Why we care: The federal funds rate is usually lowered when the Federal Reserve is planning to decrease overall interest rates and give a stimulus for the economy to grow, and it is raised when the economy is supposed to grow excessively and is threaten by the risk of inflation. The accompanying statement is thought to be important indicator of the monetary policy direction by the monetary policy analysts and "watchers" of Federal Reserve and the immediate actions yielded by Treasury just after its public presentation reflect this statement interpretation. The Federal Reserve funds rate decision is often estimated being at the same level as the report.
Financial Account Balance
What it is: An indicator of U.S. assets, which are outside the country, and assets from overseas markets in the United States.
Why we care: It presents the U.S. Treasury securities that can influence the demand of the market, which are held by the investors from abroad in percents.
FOMC Minutes and Transcripts
What it is: The amount of minutes passed since the latest FOMC meeting was held where the panel discussions were summarized and voted. Additionally, it includes the description of the economic situation relative to the moment carried out.

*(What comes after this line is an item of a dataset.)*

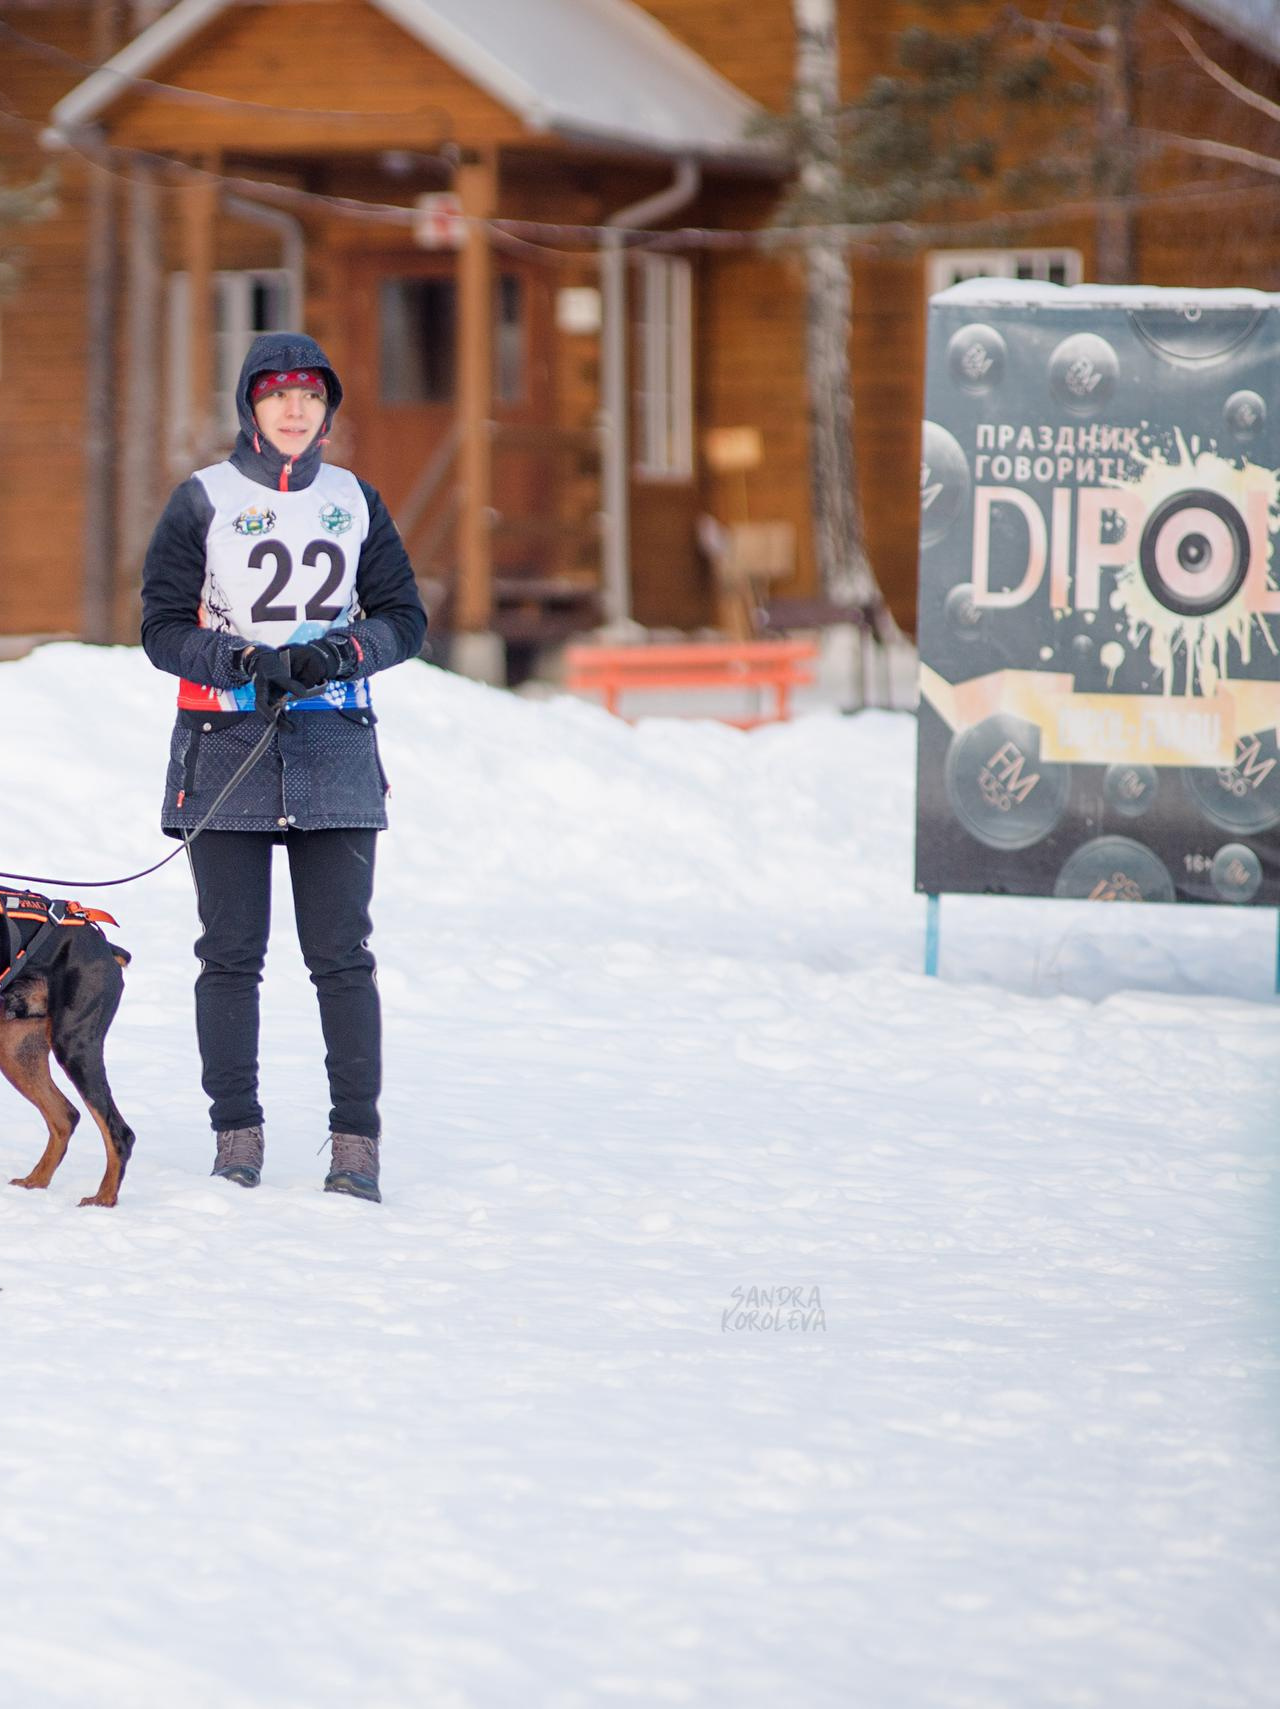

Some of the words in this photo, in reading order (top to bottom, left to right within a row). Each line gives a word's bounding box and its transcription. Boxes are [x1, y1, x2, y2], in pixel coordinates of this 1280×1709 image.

[976, 423, 1140, 456] ПРАЗДНИК
[248, 538, 347, 624] 22
[972, 485, 1280, 616] DIPOL

Why we care: It lets us have an outlook on the opinion of FOMC and explains policy changes. It includes a better explanation of FOMC opinion than it is done in the announcement that is carried out after the FOMC meeting that modifies target Federal Reserve funds rate. (Refer to FOMC Policy Announcements)
Foreign Trade (International Trade Balance)
What it is: Billions of dollars expression of the U.S. imported and exported goods and services spread.
Why we care: These values and its divergence from official figures or forecasts may affect the values of GDP growth taken for the present quarter.